Learn the Cloud, Make a Difference

Contribute to the cause!My colleagues, Brian Hitney and Peter Laudati, and I – AKA the RockPaperAzure guys - have been busy working another on-line activity to highlight what Windows Azure can do and to offer a little added incentive to give the cloud a spin.

Today, we’re launching @home with Windows Azure. The @home ‘brand’ has been applied to a host of distributed computing projects (like SETI@home) which typically involve installing a small application on your machine (“at home”) that runs when the machine is idle.  The application executed depends on the nature of the project, but generally it downloads some “task” from a given project’s server, executes it locally, and reports results back to the project server.  Essentially, everyone that downloads the application creates a node in a large cluster of computers all working toward a common goal.

Sound familiar?  Well, it’s kind of like cloud computing: leverage lots of commodity hardware to process a given job. That coincidence was too much for us to ignore, so we’ve “cloud-ified” one of those distributed projects, namely Folding@home.

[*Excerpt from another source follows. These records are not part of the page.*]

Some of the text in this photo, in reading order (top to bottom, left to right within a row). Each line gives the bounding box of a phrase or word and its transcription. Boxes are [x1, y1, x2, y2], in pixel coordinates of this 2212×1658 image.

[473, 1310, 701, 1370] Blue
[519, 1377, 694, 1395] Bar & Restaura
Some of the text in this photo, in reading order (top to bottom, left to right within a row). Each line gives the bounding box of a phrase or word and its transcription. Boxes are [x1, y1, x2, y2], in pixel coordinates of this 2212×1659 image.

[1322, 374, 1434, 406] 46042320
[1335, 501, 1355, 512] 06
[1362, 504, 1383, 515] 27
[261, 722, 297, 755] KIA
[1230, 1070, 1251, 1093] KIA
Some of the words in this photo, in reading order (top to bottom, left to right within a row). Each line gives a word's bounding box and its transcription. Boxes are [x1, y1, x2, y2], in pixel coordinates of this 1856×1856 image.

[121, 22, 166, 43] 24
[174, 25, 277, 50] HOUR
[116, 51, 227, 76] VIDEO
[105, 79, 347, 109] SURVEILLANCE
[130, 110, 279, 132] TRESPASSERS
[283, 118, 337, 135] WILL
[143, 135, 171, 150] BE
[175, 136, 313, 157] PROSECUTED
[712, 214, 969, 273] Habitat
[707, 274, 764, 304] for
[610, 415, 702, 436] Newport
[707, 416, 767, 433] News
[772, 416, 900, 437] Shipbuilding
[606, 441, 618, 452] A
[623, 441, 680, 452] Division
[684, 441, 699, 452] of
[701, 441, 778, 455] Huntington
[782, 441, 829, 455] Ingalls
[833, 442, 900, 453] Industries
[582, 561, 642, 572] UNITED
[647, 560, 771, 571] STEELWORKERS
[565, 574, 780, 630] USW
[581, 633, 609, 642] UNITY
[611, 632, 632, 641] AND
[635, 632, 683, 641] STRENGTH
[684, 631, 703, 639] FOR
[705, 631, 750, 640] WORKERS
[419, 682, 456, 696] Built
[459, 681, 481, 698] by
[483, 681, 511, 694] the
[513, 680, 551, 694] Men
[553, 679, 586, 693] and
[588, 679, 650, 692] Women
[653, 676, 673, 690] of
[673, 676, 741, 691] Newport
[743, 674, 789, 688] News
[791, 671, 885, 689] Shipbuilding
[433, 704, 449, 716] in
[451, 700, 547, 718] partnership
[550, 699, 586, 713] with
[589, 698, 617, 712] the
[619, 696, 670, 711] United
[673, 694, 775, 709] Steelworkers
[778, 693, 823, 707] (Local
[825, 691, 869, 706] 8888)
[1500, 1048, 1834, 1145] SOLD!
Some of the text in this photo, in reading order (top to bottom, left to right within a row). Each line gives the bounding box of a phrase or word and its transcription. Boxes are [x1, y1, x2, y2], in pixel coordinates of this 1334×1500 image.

Stanford University’s Pande Lab has been sponsoring Folding@home for nearly 12 years, during which they’ve used the results of their protein folding simulations (running on thousands of machines worldwide) to provide insight into the causes of diseases such as Alzheimer’s, Mad Cow disease, ALS, and some cancer-related syndromes.

Folding@home fun facts

400K active CPUs (March 3, 2012)

over 8 petaFLOPS (March 3, 2012)

recognized in 2007 by Guinness Book of World Records as the most powerful distributed computing cluster in the world

When you participate in @home with Windows Azure, you’ll leverage a free, 3-month Windows Azure Trial (or your MSDN benefits) to deploy Stanford’s Folding@home application to Windows Azure, where it will execute the protein folding simulations in the cloud, thus contributing to the research effort. Additionally, Microsoft is donating $10 (up to a maximum of $5000) to Stanford’s Pande Lab for everyone that participates.

We’ve provided a lot of information to get you started, including four short screencasts that will lead you through the process of getting an Azure account, downloading the @home with Windows Azure software, and deploying it to the cloud.  And we won’t stop there!  We have a series of webcasts also planned to go into more detail about the application and other aspects of Windows Azure that we leveraged to make this effort possible.

It’s a great cause and a great use-case for cloud computing, so we do hope you join us in making a difference!